__Exercise instructions__. Even where a line looks wrong, copy it exactly and include every entry.

[[ Data in this exercise, beginning ]]

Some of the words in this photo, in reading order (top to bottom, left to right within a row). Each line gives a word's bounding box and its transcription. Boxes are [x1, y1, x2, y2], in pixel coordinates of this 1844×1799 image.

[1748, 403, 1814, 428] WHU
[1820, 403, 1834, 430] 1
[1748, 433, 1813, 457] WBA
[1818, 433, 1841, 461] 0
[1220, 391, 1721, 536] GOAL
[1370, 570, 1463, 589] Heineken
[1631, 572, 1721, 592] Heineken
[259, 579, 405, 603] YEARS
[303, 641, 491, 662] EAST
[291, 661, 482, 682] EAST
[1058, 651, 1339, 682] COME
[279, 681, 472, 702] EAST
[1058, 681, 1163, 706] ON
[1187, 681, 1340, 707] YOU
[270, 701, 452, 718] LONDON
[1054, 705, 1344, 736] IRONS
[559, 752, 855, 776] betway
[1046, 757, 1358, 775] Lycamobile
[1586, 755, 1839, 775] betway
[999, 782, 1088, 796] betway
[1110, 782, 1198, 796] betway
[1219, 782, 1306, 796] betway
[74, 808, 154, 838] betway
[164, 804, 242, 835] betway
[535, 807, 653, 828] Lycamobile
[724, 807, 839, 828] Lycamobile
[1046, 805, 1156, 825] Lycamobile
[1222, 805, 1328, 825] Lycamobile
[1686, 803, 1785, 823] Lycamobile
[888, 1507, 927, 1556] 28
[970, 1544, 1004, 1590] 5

[[ Data in this exercise, end ]]

__Expected output__.
Some of the words in this photo, in reading order (top to bottom, left to right within a row). Each line gives a word's bounding box and its transcription. Boxes are [x1, y1, x2, y2], in pixel coordinates of this 1844×1799 image.

[1748, 403, 1814, 428] WHU
[1820, 403, 1834, 430] 1
[1748, 433, 1813, 457] WBA
[1818, 433, 1841, 461] 0
[1220, 391, 1721, 536] GOAL
[1370, 570, 1463, 589] Heineken
[1631, 572, 1721, 592] Heineken
[259, 579, 405, 603] YEARS
[303, 641, 491, 662] EAST
[291, 661, 482, 682] EAST
[1058, 651, 1339, 682] COME
[279, 681, 472, 702] EAST
[1058, 681, 1163, 706] ON
[1187, 681, 1340, 707] YOU
[270, 701, 452, 718] LONDON
[1054, 705, 1344, 736] IRONS
[559, 752, 855, 776] betway
[1046, 757, 1358, 775] Lycamobile
[1586, 755, 1839, 775] betway
[999, 782, 1088, 796] betway
[1110, 782, 1198, 796] betway
[1219, 782, 1306, 796] betway
[74, 808, 154, 838] betway
[164, 804, 242, 835] betway
[535, 807, 653, 828] Lycamobile
[724, 807, 839, 828] Lycamobile
[1046, 805, 1156, 825] Lycamobile
[1222, 805, 1328, 825] Lycamobile
[1686, 803, 1785, 823] Lycamobile
[888, 1507, 927, 1556] 28
[970, 1544, 1004, 1590] 5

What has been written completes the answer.